I saw Les Mis for the first time on stage in San Francisco when I was twelve, and a second time a few years ago in Toronto. I read the abridged version of the novel when I was fourteen; I've never managed the unabridged, but I've heard it's tediously detailed, so I'm okay with that.
I liked the movie; I loved the innovation of having the actors sing live, rather than record in a studio and then sync along. It allows the actors to emote in the moment and control the tempo and phrasing. But I think it also caused some collateral damage, because it's so new and fancy, as an idea, that the cameras tend to linger on faces a lot longer than they need to. Watching Fantine suffer through I Dreamed A Dream was moving for about thirty seconds, and then it began to become a little tedious. And they did it a lot. God On High and Empty Chairs Empty Tables got the same treatment, when they could have been conveyed more effectively with intercuts of the barricades and the wrecked cafe.

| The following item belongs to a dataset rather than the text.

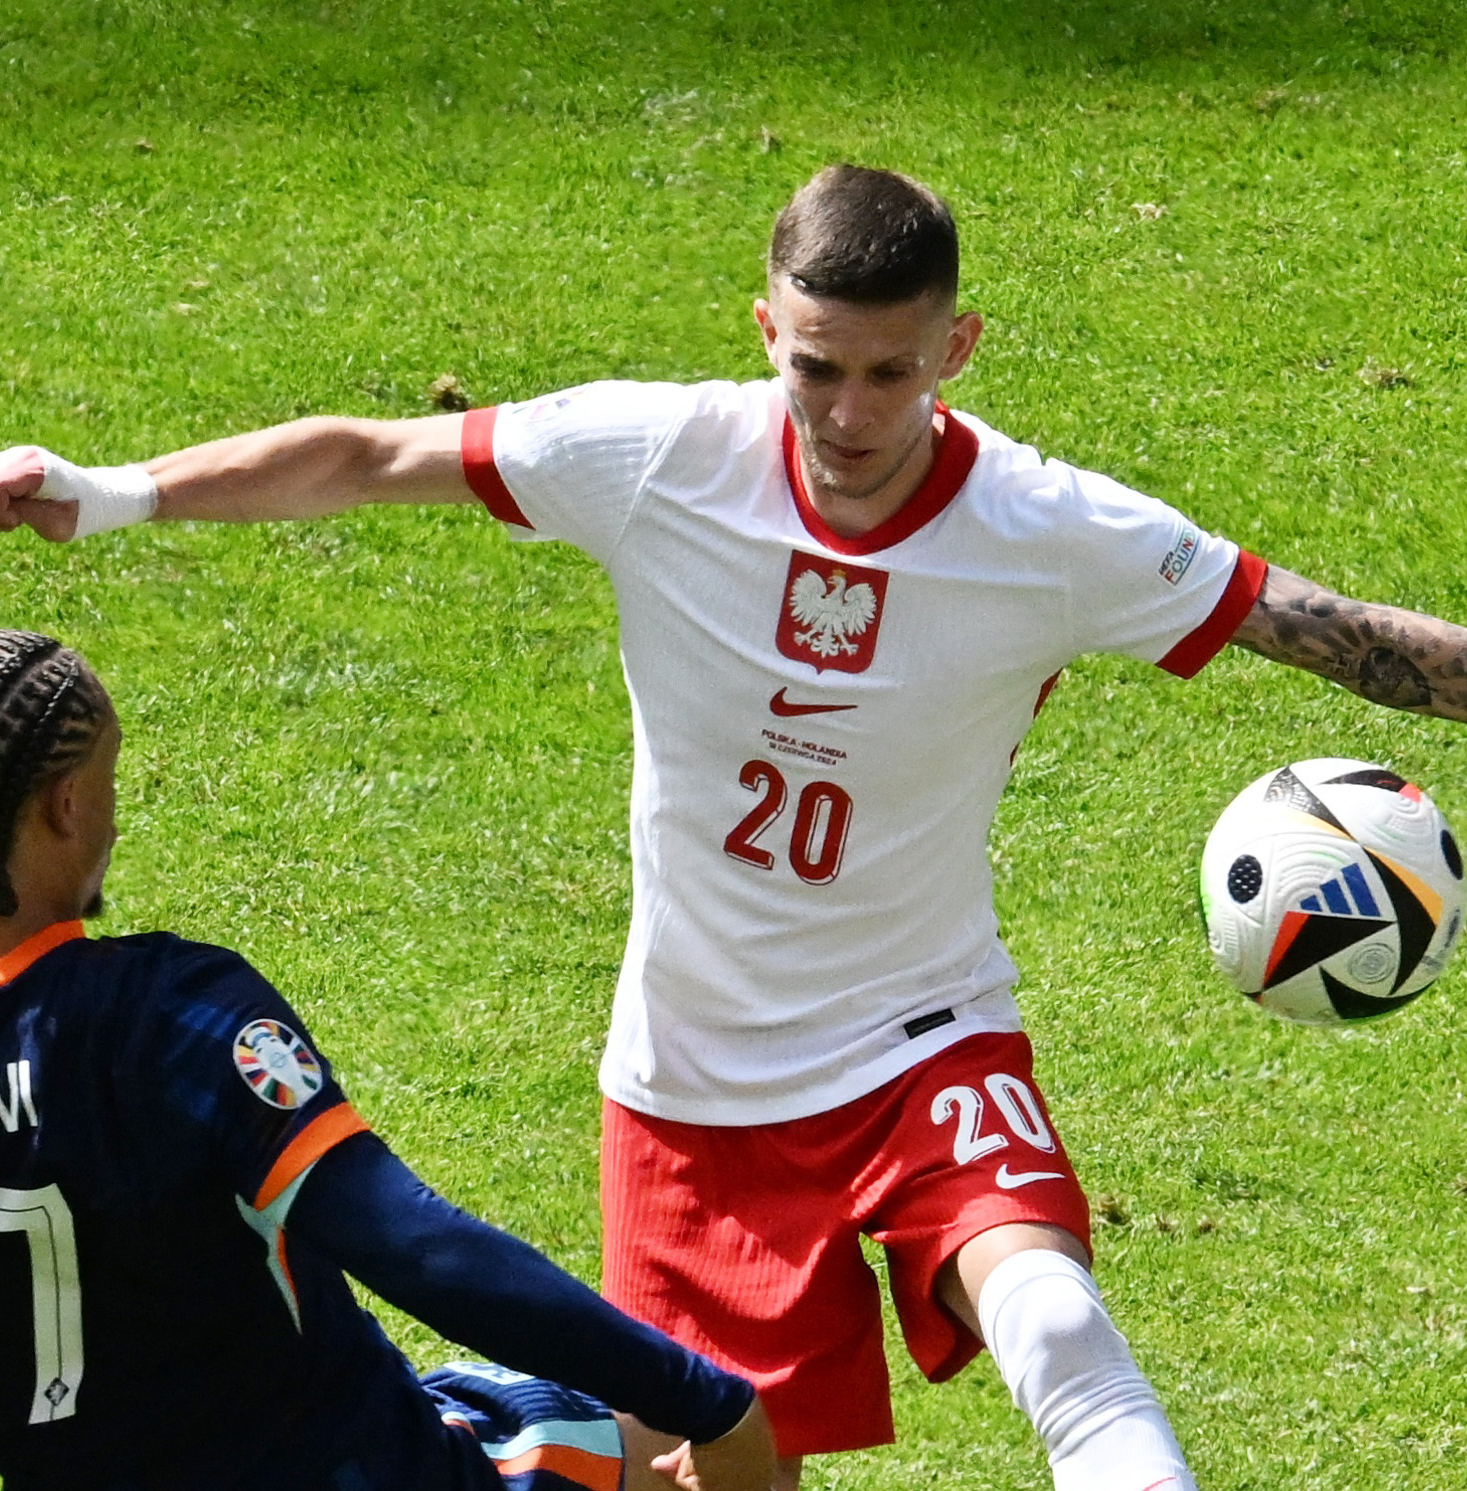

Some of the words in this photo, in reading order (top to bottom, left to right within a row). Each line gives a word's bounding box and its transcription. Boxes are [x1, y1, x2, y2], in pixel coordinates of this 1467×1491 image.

[762, 729, 796, 745] POLSKA
[802, 741, 847, 759] HOLANDIA
[723, 760, 853, 885] 20
[930, 1073, 1056, 1166] 20

It felt like the film began with this epic vision, this amazing imagination, and then as soon as it settled into itself, its scope just...shrunk down.
Mind you, it was still splendid. I particularly liked the bishop, who it turns out as I suspected originated the role of Jean Valjean on the stage. Hugh Jackman is a pleasure to watch, as is Anne Hathaway. And while I'm not a huge fan of Russel Crowe, I think he did the part of Javert credit.
I do hope the Music Box does a sing along version at some point.